One thing though, my husband has never asked me or forced me to participate in anything I'm against (there's not much I won't do anyway). That would be the last straw for me. Everyone has their limits and that would be mine.

My husband also uses a lot of sexual type language in just about any situation with me and I've never been able to figure that out. We'll be watching TV and he'll randomly say "I'd do her." To which I'm thinking - yeah right - you can't even do me and keep it up - how could you do her? But of course I never say this out loud, but sometimes it does put a secret grin on my face.

Nobody can make you stay if that's not what you want to do. It doesn't matter what you've said in the past and what you have or have not promised. If you don't want to live like this, then leave. If not, then keep dealing with it the way you have.

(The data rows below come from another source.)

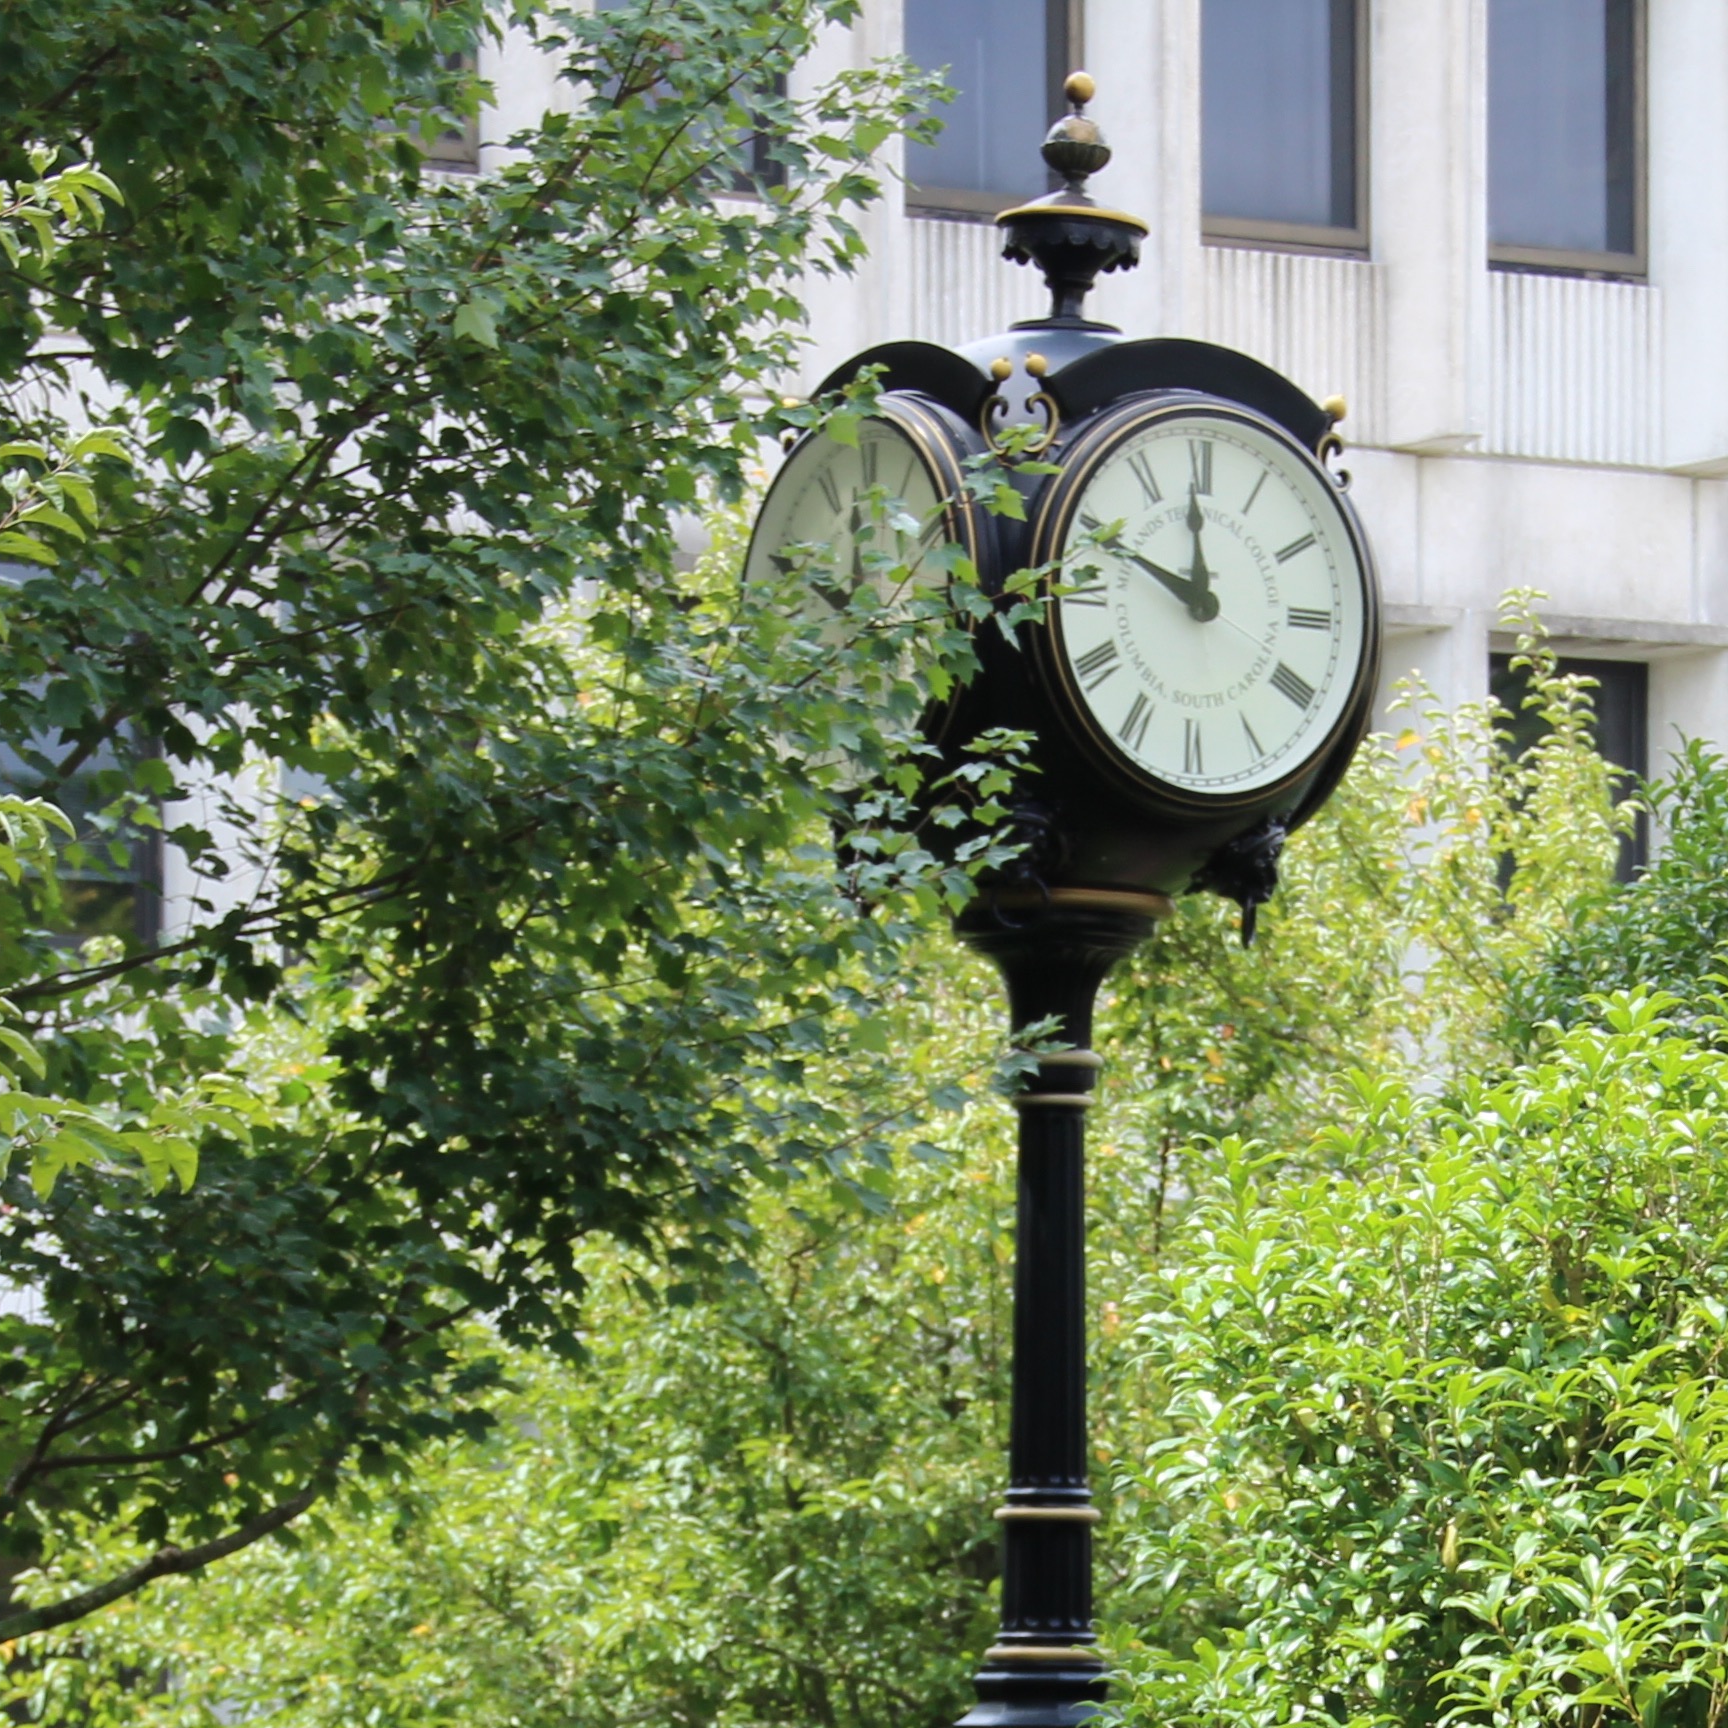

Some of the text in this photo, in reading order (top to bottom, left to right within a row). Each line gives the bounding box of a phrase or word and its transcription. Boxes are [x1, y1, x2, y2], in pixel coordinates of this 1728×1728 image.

[1125, 449, 1164, 512] XI
[1187, 438, 1213, 497] XII
[1115, 513, 1166, 591] MIANDS
[1164, 505, 1244, 540] TENICAL
[1243, 535, 1281, 608] COLLEGE
[1273, 531, 1318, 565] II
[1286, 605, 1332, 632] III
[1074, 639, 1122, 693] VIII
[1114, 602, 1281, 709] COLUMBIA, SOUTH CAROLINA
[1269, 660, 1317, 712] IIII
[1118, 691, 1155, 753] VII
[1182, 717, 1204, 775] VI
[1237, 709, 1266, 763] V

Boy, sometimes coming out here is depressing - I never realized how many marriages were totally screwed up until I got on TAM. While it puts my issues into perspective at times (a lot of people have it worse than me), it can be depressing. 

Where's the marriage site where EVERYONE has a great relationship? I haven't found that one yet...


----------



## remmons

I can only speak for myself, and not for anyone else (unless they share the same view as me).

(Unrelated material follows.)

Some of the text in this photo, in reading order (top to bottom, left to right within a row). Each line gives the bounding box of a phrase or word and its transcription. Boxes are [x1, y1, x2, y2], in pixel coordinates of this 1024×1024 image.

Porn is NOT healthy. Period. I was addicted to it. It hurt my relationship with my wife. She is seeking a divorce because of what it did to me and tro us, the lost, meaningful connection to my wife. I did not let it go as far as your other half did, nor did I allow myself to degrade my wife by talking dirty to her. But what I did do (internet porn) was enough for her to lose trust in me. She has already had one divorce because her ex was addicted to porn, but he was much deeper into it. I did not know this until it was too late.

Porn is healthy to the "right" couple. It was not meant for me or my wife.


----------



## EffedUpGuy

Please help me... someone.

I've never talked about this to anyone... and didn't even realize how much of a problem I have till now. 

I don't know what to do, i'm scaring the **** out of myself! I have a serious serious problem.

I use to be addicted to internet porn. But now i hardly ever look at it. Sound good right? Well the reason I don't really care for porn anymore is i've been addicted to "casual encounters" and i'm not talking about just CL but everywhere... with men, woman, and transexuals. 

I've been married now for 5 years, and been with her for 14 years! Now I want to say something with the most honest truth... I love her. I love her very very much. We just had a baby together and I love him so much. I love both of them more than anything. I would do anything for them. But for some reason i keep finding myself in these situations. On CL or on some other personals site. It's affected my job, my relationship with my wife and friends (Because i spend all day at work online setting things up with someone) or i tell her i have to work late and go out to meet these people. 

I don't know why i do this. i'm actually shaking while typing this.

After evey "encounter" i feel terrible... like i just killed someone. This happens everytime. Then as i'm going home i'm crying in the car.. saying prayers to god asking for forgiveness.. and promising myself i'll NEVER do something like that again. It takes about 2 days where i find myself in the same situation.... and it's almost like someone is taking over my body and putting thoughts in my mind.... You know what the weird thing is too.... I'm NOT gay. Not at all.... when i see guys out in public kissing or holding hands.... i get kinda grossed out.... then why do I enjoy having casual sex with men? or trans? I don't know. I feel completely discusted Immediately afterwards.... but don't know why... why don't i feel that way before hand. 

To top everything else off... when i'm not hooking up with dudes, i'm hooking up with female pros! WTF is wrong with me?!?!?! I feel absolutely terrible.. on sooo many levels... like for one cheating on my wife.. two... spending our money that we need for the baby and living... and three... breaking the law! what would happen if i got caught?!?!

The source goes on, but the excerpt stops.